第16話 美術室へ~桃子、校舎へ

 美術室へ


「――おう、おせーぞ」


 直が開口一番、そう文句を言った。


「ごめんごめん」

 秋は軽い調子で謝る。図書室には予想通り、直や桜子、茜や巴の姿があった。

 みんな疲れ切った顔をしている。


「直たちも長い髪の毛に飲み込まれたの?」

「まあな。で、気がついたらここにいたんだよ」


 桜子は慌てて読んでいた本を閉じ、泣きそうな顔で秋の方へと歩み寄った。


「良かったです、無事で」

「うん、桜ちゃんも元気そうで良かった」

「さっきまではセンパイ、放心状態だったけどな」

 直が思い出すように笑った。


「それよりお前ら――うおっ!」

 直は図書室に入ってきた校長の姿を見て叫んだ。桜子も秋の後ろに隠れる。

「怖がらなくていいよ」

 秋がなだめる。

「いやあ、元気そうな生徒たちだ」


 校長は口元を緩ませてのんびりと呟いた。校長はおもむろに直と握手をしようとしたが、何か思い出した様に手を引っ込める。既に秋から、「握手とハグはしないように」ときつく言われていたのだ。


「校長先生から詳しいことは聞いたよ」

 そして秋は、直たちに校長に出会ったいきさつや、『美術室のももちゃん』の話をした。


「――なるほどな」

 直が真面目な顔で頷く。こんな表情は普段の授業ではまず見ることができないだろう。

「じゃあ、今から美術室に行けばいいってわけだな」

「そういうこと」

 秋が頷く。

「確か、美術室は校舎の一番上の階にありましたよね」

 桜子が黒板を確認する。図書室内に◎が3つ。図書室の周りには今のところ、特に何かしらの脅威は迫っていないようだ。あくまで、今のところはだが。


「よし、早速行こうぜ」

 直が意気揚々と立ち上がった。他のみんなもそれに合わせて立ち上がる。

 みんなの中で、いよいよ終わりが近づいている予感がしていた。


 ふと気づくと、胡桃が校長先生のことを感慨深げにじっと見つめていた。

 秋はそのことには気がつかず、胡桃に声を掛ける。

「胡桃、色々ありがとう。今から美術室に行ってくるよ」


 それに対して、胡桃は黙って頷いただけだった。



 再び、遭遇



 秋たちは固まって暗い廊下を歩いていく。みしみしと床が小さくきしみ、その音が廊下にこだましている。


「校長って、意外と静かに歩けるんだね」

 花が驚いたように言う。

「やろうと思えば何とかね。ただ、とにかく体が重いから、ものすごく疲れるがね」

「意外と足も速いもんね」

 秋が校長に追いかけられた時のことを思い出して言った。

「いやいや、まあ若い子たちには負けていられないからなあ。とはいっても昔はもっと早かったんだよ。今はなにせ銅像だからね」


 ほっほっほっと校長は口元の髭を触って笑った。校長の髭は指が擦れて、ずずずと鈍い金属音を立てた。

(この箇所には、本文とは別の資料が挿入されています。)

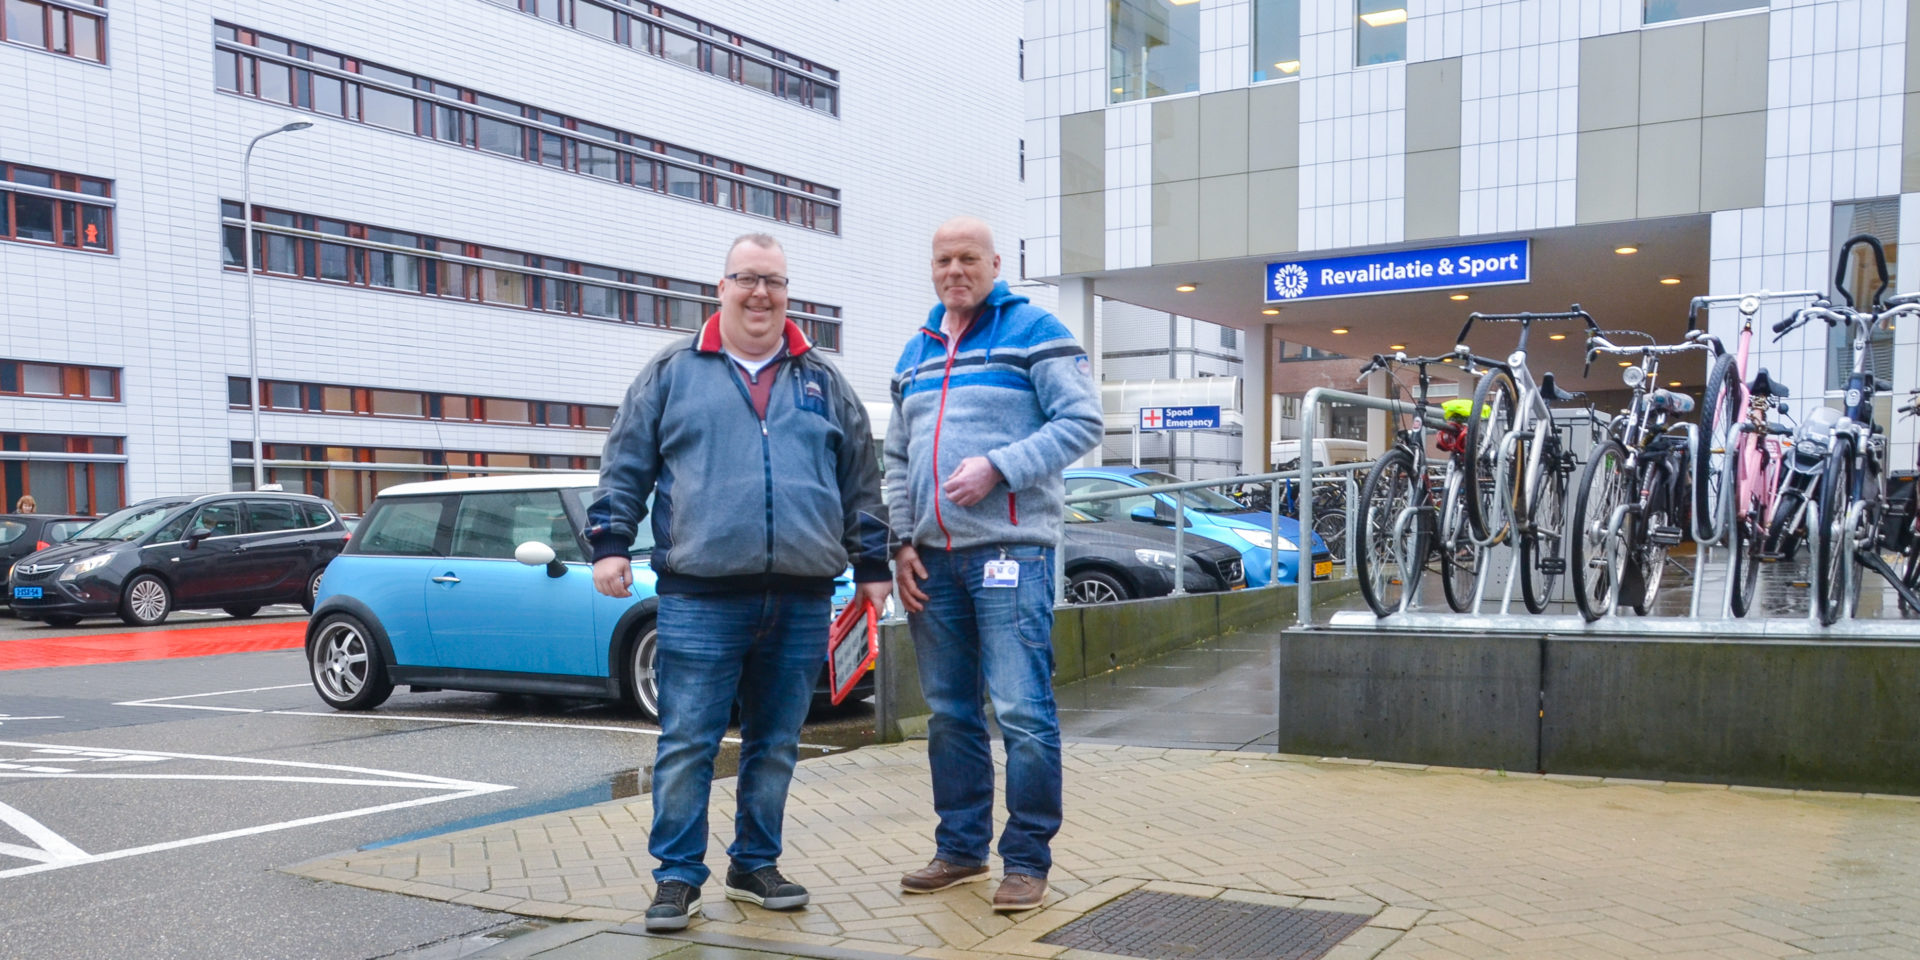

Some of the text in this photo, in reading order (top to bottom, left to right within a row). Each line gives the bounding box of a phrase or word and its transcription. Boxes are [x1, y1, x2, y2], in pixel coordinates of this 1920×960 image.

 廊下にはたくさんの生徒たちの絵や習字などの作品が貼られている。

 その絵たちが秋たちの姿を目で追っているのは気のせいではないだろう。


 作品の中には「歯を磨こう」「火の用心」などのポスターもあり、なぜかそれらの中には「首をちぎろう」「包丁で刺そう」といった冗談では済まされないものもあった。

 桜子は、その包丁で刺されて倒れている子達の絵が、自分と秋に似ている気がしてぞっとした。きっと、これも気のせいではないだろう。


 やっと階段に差し掛かろうとした時、階上から誰かの声が聞こえてきた。


「なんだよ、今の」

 直がびくりと反応して階段を見上げた。


 ――ぷりぷりぷり


 秋と桜子は恐る恐る顔を見合わせた。

「これは、まずい」

 二人はぷりぷりに襲われた時のことを思い出した。包丁で開けた扉の穴からこちらを睨んでいた恐ろしい顔は、今思い返してもぞっとする。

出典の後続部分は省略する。